Cystic PENs have been linked to carcinomas of larger sizes [46, 47]. We found 8 patients in our study who had a cystic component on gross pathology, all of which were nonfunctioning carcinomas of G3 grade. The mean (SD) size of cystic PENs was 9.0 (2.0) cms (range: 8−12 cms) which was significantly larger than that of solid tumours (3.9 (2.7) cms (range: 0.5−6 cms)) (). It would be interesting to study the prognosis of PENs based on cystic changes on a larger population since it appears to be exclusively present in high grade lesions.
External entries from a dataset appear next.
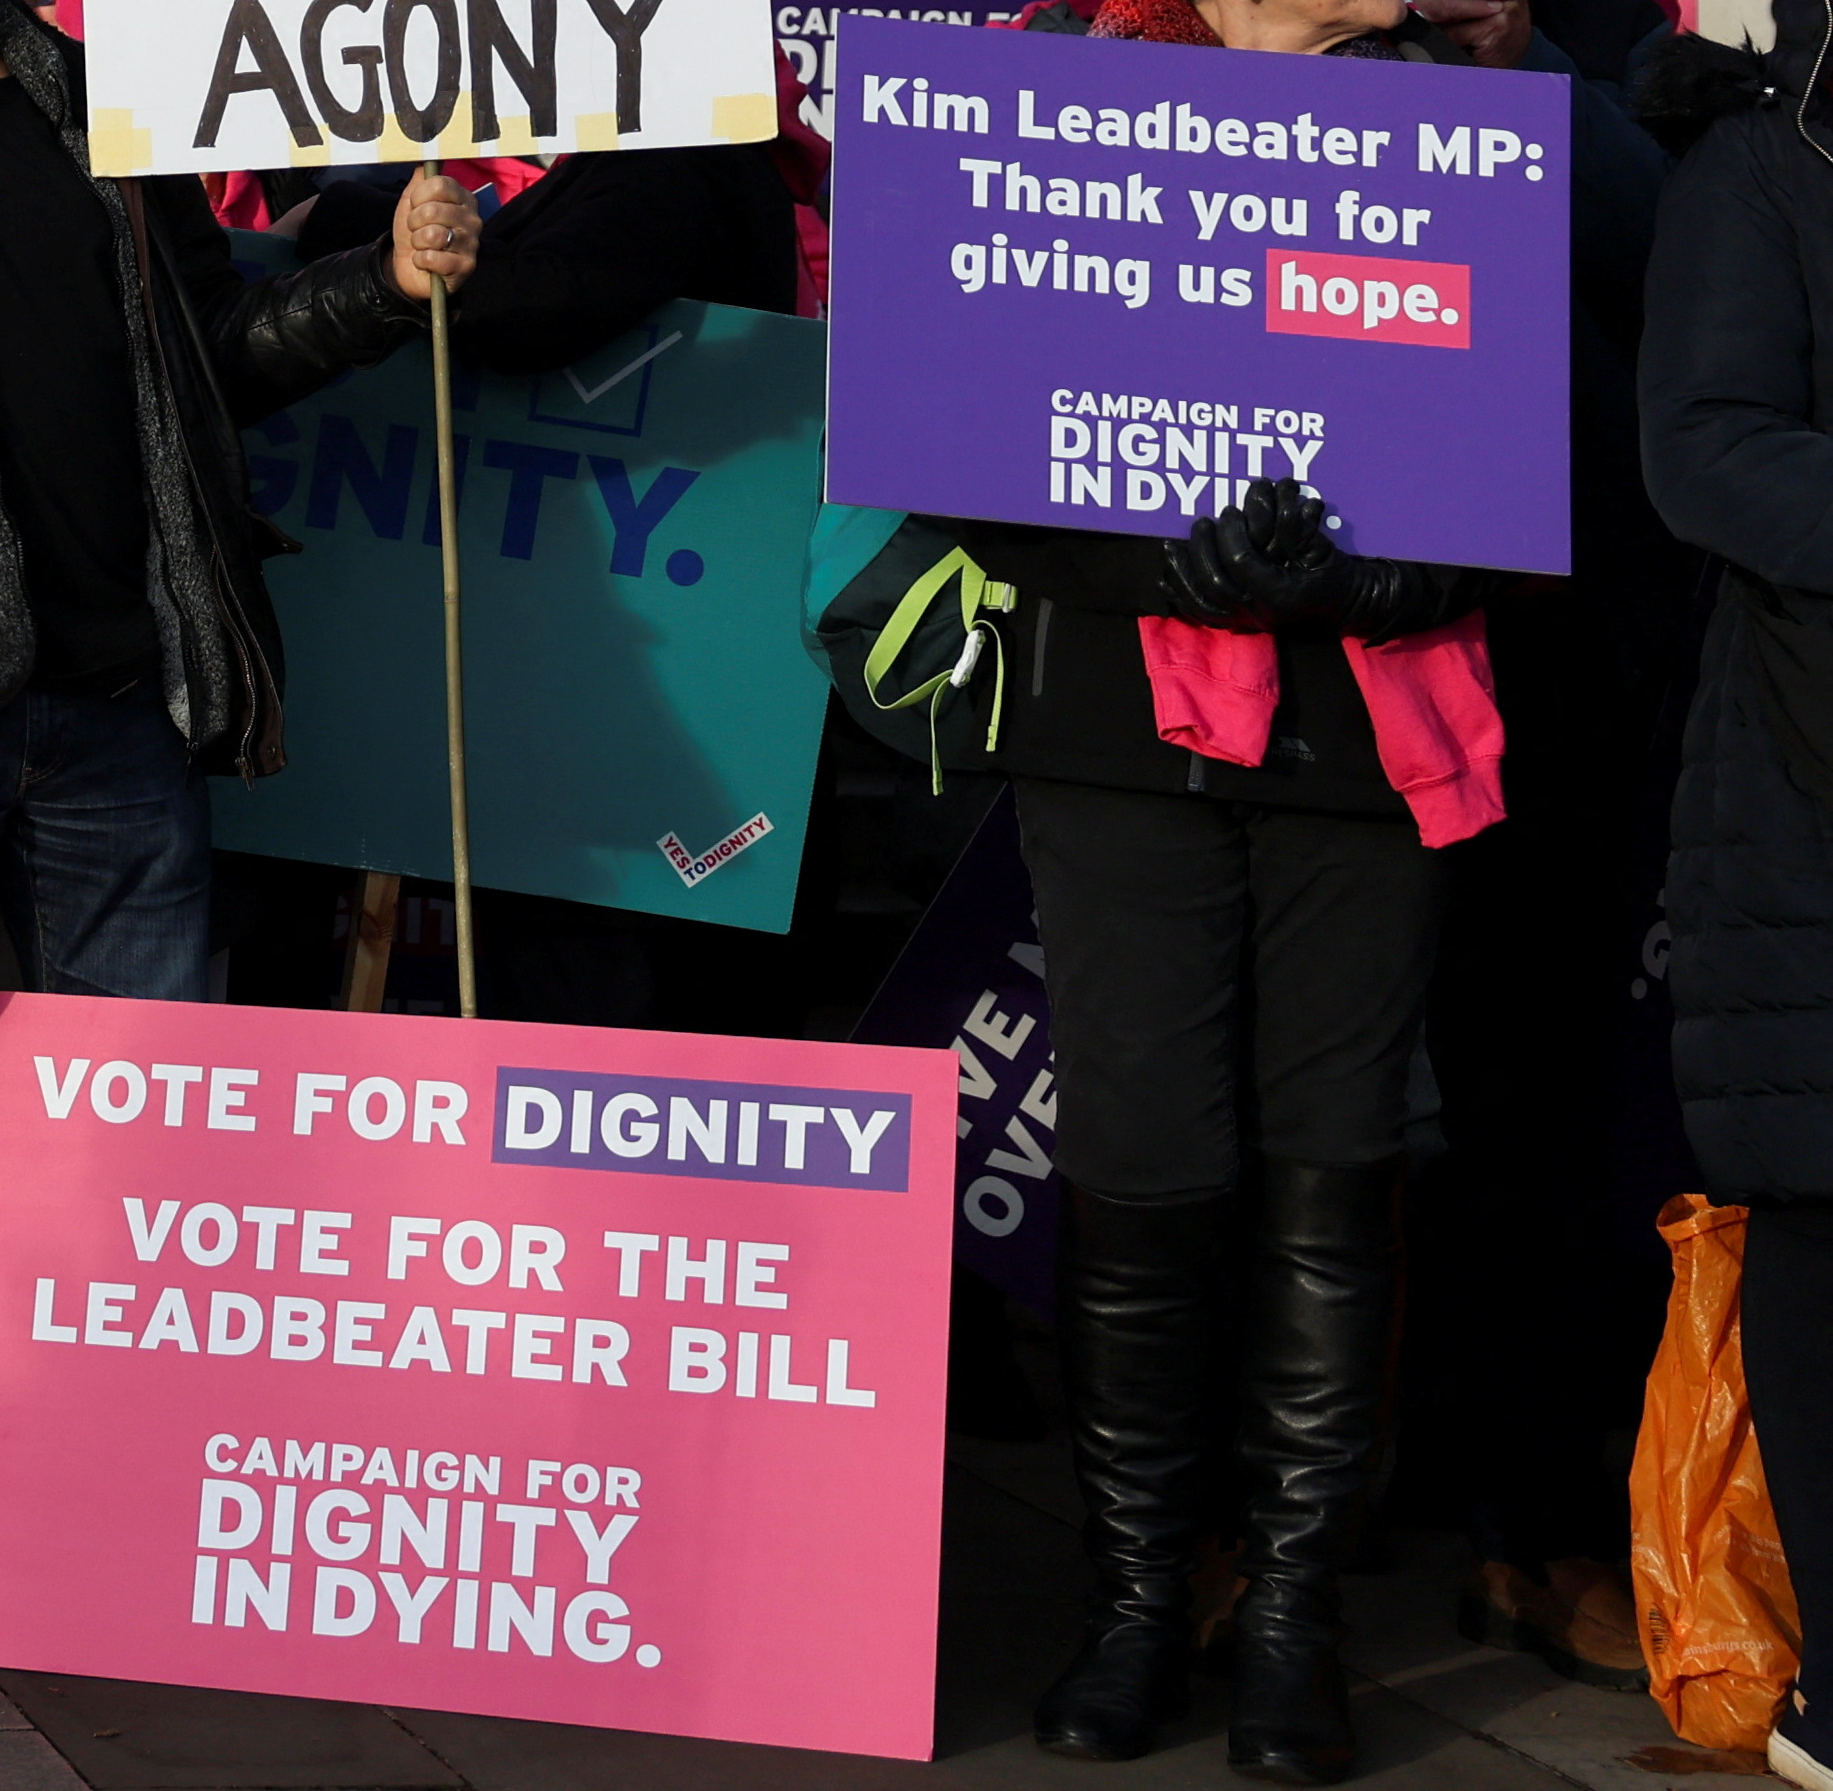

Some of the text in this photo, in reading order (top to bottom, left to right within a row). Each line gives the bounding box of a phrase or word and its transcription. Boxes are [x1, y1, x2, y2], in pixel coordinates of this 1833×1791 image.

[862, 74, 1543, 182] Kim Leadbeater MP:
[959, 157, 1431, 246] Thank you for
[950, 235, 1460, 330] giving us hope.
[1050, 415, 1325, 482] DIGNITY
[1051, 388, 1325, 439] CAMPAIGN FOR
[1049, 460, 1112, 507] IN
[663, 836, 690, 869] YES
[32, 1054, 897, 1176] VOTE FOR DIGNITY
[123, 1197, 791, 1311] VOTE FOR THE
[31, 1277, 877, 1408] LEADBEATER BILL
[204, 1433, 642, 1510] CAMPAIGN FOR
[196, 1478, 640, 1586] DIGNITY
[192, 1554, 661, 1669] IN DYING.
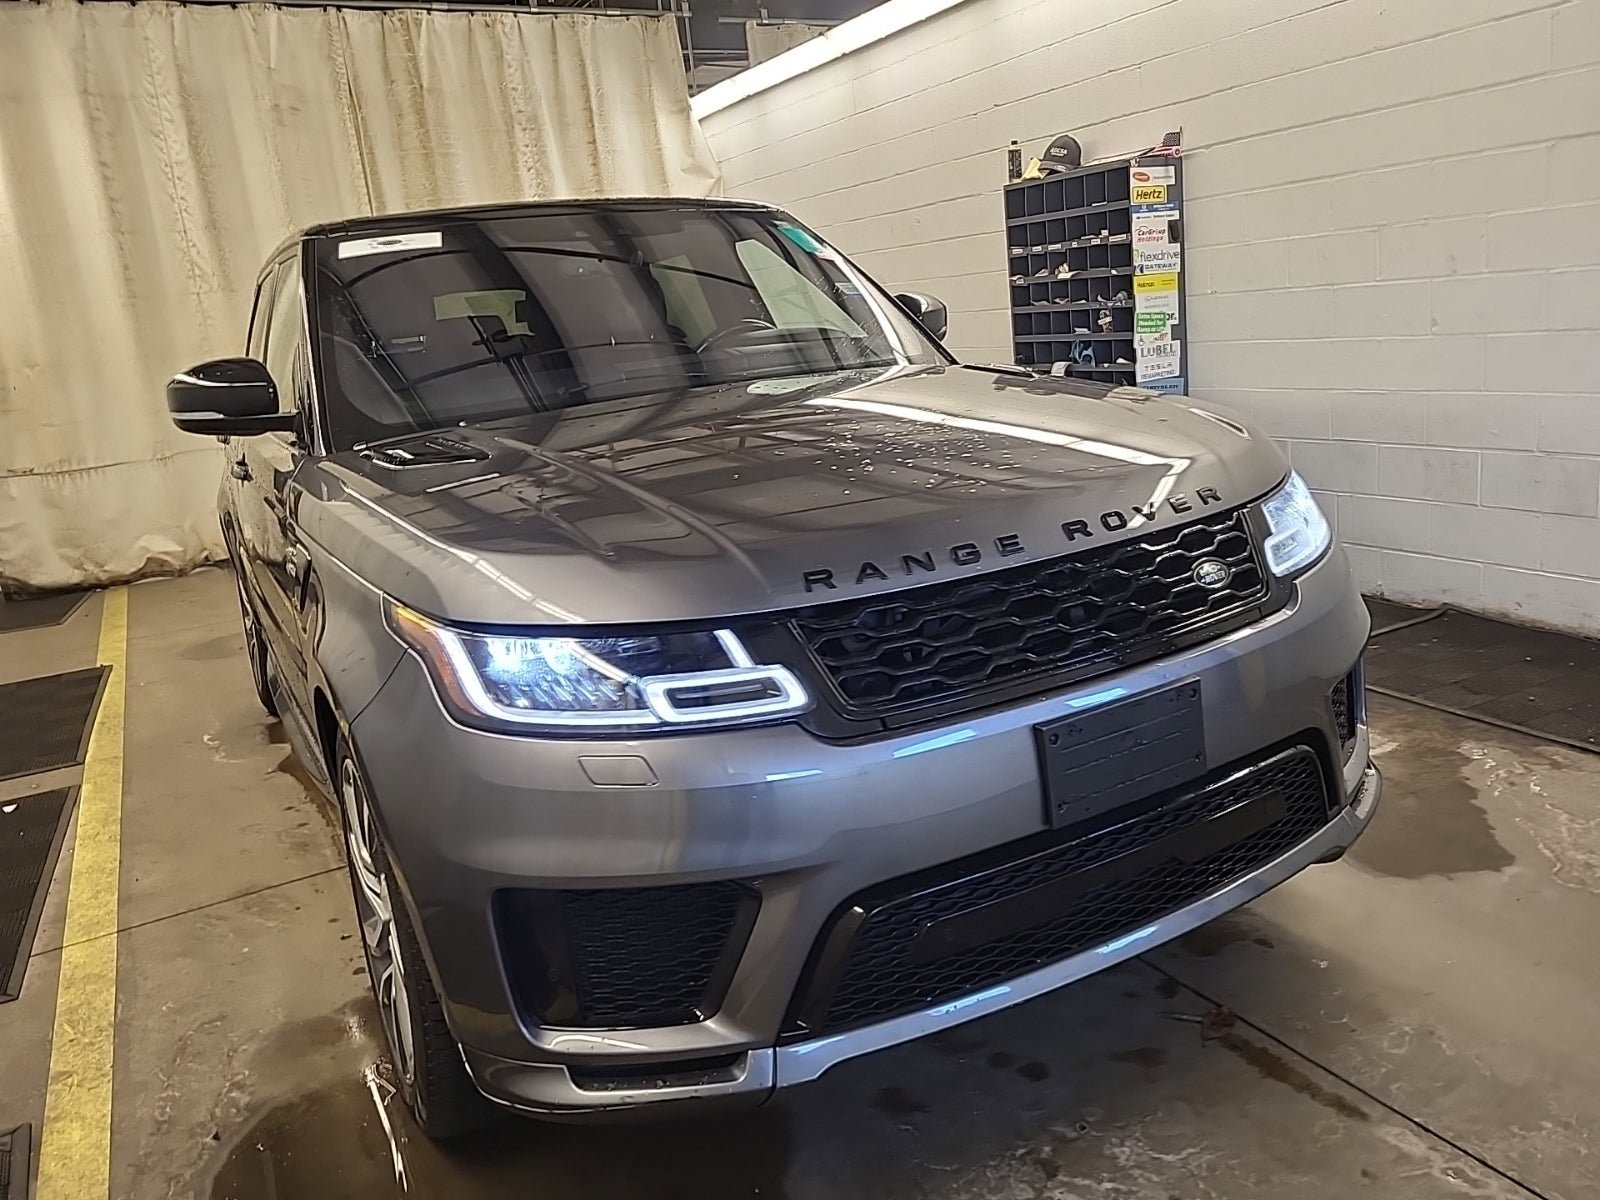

Pancreatic endocrine neoplasms are associated with good 5-year survival rates ranging between 77% and 89% in different studies [17, 25]. The most significant factors influencing survival are the grade, stage of disease, and completeness of resection [12, 21, 26, 48, 49]. In our series, one patient had a positive resection margin (R1 resection). Of the 28 (70%) patients whose follow-up data was available, four (14%) deaths were reported. All were grade G3 solid tumours. Twenty-four of 28 (85.7%) are alive after a mean follow-up period of 49.6 months (range: 2–137 months).

5. Conclusions

(i)PENs should be kept in the differential diagnosis of all pancreatic space occupying lesions.(ii)Nonfunctioning tumours are more common than functioning lesions and they are more commonly diagnosed in the pancreatic head.(iii)Pancreatic endocrine carcinomas (grade G3) should be suspected if the lesion is large in size and nonfunctioning, occurs in the pancreatic head, and has cystic changes.(iv)High grade (G3) and solid lesions appear to carry a worse prognosis.(v)Early surgery leads to good long term survival with acceptable postoperative morbidity.

Strengths of the Study

(i)Published data on Endocrine Pancreatic Tumours is rare and this study provides an insight into the disease.(ii)This study provides a comprehensive single institution analysis of data of a rare disease collected over 18 years.(iii)This study provides a future paradigm for analysis over larger data and multicenter research.

Weaknesses of the Study

(i)The study is a cohort analysis of a rare disease with a relatively small sample size.(ii)30% of patients were lost to followup.

Conflict of Interests

The authors declare that there is no conflict of interests regarding the publication of this paper.